At least nine in 10 Medicare beneficiaries in Connecticut, Florida, Massachusetts and New Jersey would face higher premiums in their current plan. Many counties in those states have relatively high per-beneficiary Medicare spending, which would make it more costly to enroll in traditional Medicare rather than one of the low-bidding private plans in those counties. In contrast, in areas with relatively low Medicare per-capita spending, it could be more costly to enroll in a private plan.

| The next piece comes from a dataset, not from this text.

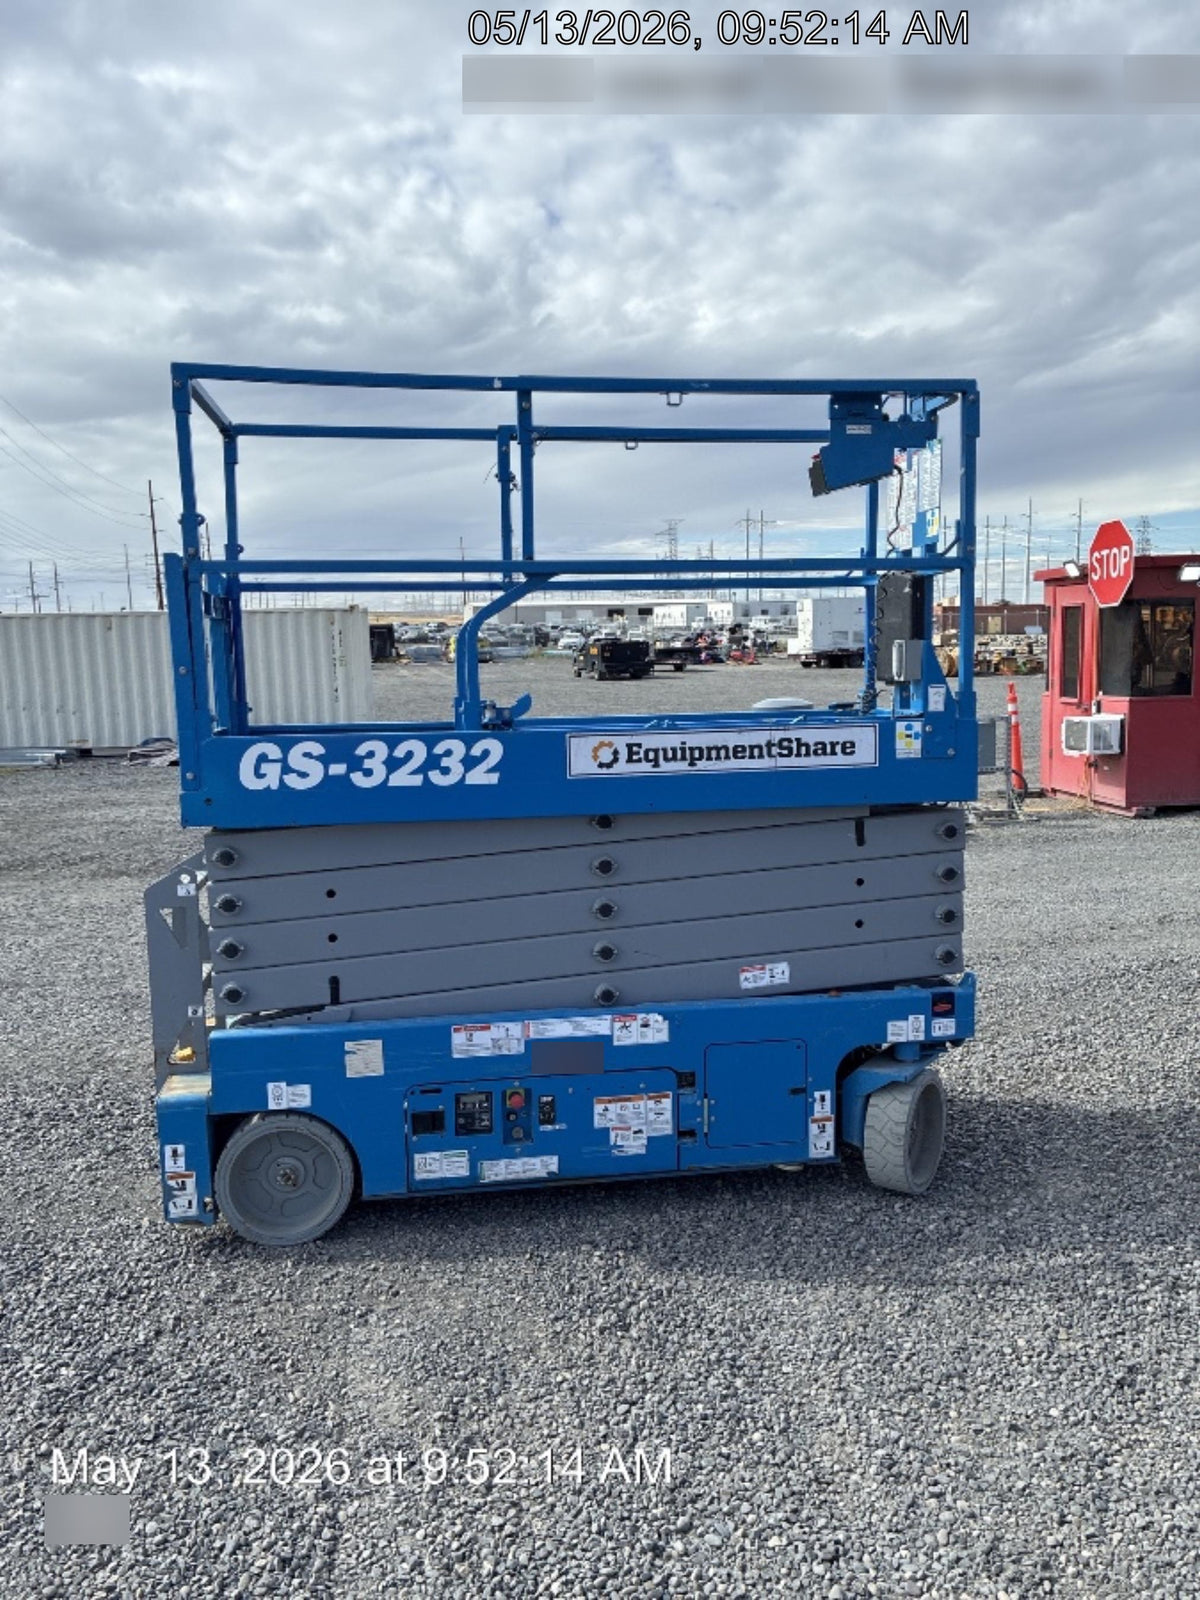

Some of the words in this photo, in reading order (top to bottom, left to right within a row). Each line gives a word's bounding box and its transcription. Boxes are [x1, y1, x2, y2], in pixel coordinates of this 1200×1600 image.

Now, Romney and Ryan have assured us that, after all, this plan (and the Social Security privatization that they have also advocated) applies only to far distant retirement, that everyone 55 and over is exempt. Guess what? Joel and I are just a little under 55. So the plan does apply to me. Since I’m over 50, I’ve already been in the work force for 30 years; it’s unlikely that I’ll keep working for 30 more. So I’ve spent most of my retirement earning years already, under the expectation of the old system. Your early working years bring you a bigger bang in retirement earnings than your later ones, because, even though you’re making less money, you can invest it for longer, and it will earn more interest. So most of my retirement planning is a done deal. I will also have to pay taxes sufficient to fund full Social Security and Medicare for absolutely everyone who is even five years older than me, a huge Baby Boomer age cohort. So, as with everyone else, the money I spend on Social Security and Medicare is not available for me to invest for my own retirement; I am paying it to the government with the understanding that they fund my retirement later, as I funded the retirement of the people who preceded me.
So, voting for Romney and Ryan means voting for Medicare to become a substantially worse financial deal, suddenly, sharply, the minute I retire, after I’ve paid the same taxes as everyone else. I’m not voting for this.
I realize that we need to bend the cost curve on health care somehow, and I realize that will involve some limits or other on my future Medicare. But I don’t want to vote for a plan that appears to particularly disadvantage me, and I don’t want to vote for bringing back preexisting conditions just at the point where doing so might mean that I, personally, die prematurely.
If I am not for myself, who will be for me?
Thus, Obama got my vote. The absentee ballot is already in the mail.